Researchers from the AIM Lab, in collaboration with Chinese company Airdoc and multiple partner hospitals, announce a landmark project to train end-to-end supervised screening models on a dataset of more than three million expert-labelled fundus photographs. To our knowledge, this is the first time any medical-imaging model has been fully supervised on such a large, clinician-annotated corpus—and the first ophthalmology model to reach this scale.

Why this matters

Eye diseases such as diabetic retinopathy, glaucoma, and macular disorders remain among the leading causes of preventable vision loss worldwide. Millions of people are at risk of losing sight every year, yet many cases could be avoided through timely and accurate screening. Unfortunately, access to reliable screening is often limited. Many health systems face a shortage of trained specialists, and even where services are available, differences in imaging devices and variability in clinical expertise can lead to inconsistent results.

This project addresses these challenges by building models trained directly on high-quality, clinician-verified labels. Instead of relying on indirect signals or proxy labels, the models learn from expert consensus annotations that reflect real diagnostic decision-making. This foundation allows the system to target the clinical measures that matter most: sensitivity, specificity, area under the curve (AUC), calibration, and interpretability. By explicitly aligning model training with these standards, the team aims to develop screening tools that are not only accurate in research settings but also reliable, fair, and usable in day-to-day clinical practice.
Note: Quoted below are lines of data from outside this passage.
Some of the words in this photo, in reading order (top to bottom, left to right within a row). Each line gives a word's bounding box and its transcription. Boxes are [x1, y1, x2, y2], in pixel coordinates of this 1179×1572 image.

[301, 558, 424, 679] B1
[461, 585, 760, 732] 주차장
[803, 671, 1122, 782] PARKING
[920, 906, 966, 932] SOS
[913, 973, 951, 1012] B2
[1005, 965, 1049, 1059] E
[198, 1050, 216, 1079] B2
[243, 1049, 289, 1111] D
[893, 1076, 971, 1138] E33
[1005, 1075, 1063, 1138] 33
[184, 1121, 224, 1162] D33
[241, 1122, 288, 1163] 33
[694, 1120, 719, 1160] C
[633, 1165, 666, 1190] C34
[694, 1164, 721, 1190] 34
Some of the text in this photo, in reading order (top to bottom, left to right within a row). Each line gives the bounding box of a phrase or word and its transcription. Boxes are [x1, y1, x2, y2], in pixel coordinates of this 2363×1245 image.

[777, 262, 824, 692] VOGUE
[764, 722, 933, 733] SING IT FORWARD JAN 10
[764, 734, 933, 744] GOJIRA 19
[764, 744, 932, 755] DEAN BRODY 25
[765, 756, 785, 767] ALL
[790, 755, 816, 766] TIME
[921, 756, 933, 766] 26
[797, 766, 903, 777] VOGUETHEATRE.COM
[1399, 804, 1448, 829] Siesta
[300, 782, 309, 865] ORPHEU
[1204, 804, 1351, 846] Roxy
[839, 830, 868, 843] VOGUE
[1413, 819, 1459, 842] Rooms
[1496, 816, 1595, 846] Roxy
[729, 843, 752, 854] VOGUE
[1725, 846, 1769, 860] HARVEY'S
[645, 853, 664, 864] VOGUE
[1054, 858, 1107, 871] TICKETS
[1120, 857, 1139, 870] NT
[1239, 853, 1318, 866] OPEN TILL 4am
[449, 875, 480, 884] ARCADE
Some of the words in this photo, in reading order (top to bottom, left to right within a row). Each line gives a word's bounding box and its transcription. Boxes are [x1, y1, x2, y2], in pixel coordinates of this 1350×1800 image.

The broader significance goes beyond performance metrics. A robust and explainable screening model has the potential to relieve pressure on overstretched healthcare systems, extend screening to underserved communities, and provide clinicians with decision support that improves both confidence and consistency. In the long term, such infrastructure could help make preventive eye care more accessible and equitable worldwide, reducing avoidable blindness and improving quality of life for millions of patients.

Outcomes

Success will be measured by stable, clinically meaningful performance across centers and devices; clear explanations for model outputs; and evidence of generalization that withstands real-world variation. Where possible, the team plans to share model cards, evaluation protocols, and selected research artefacts to support reproducibility and community benchmarking. Further external validation is also ongoing through collaborations with partner institutions worldwide.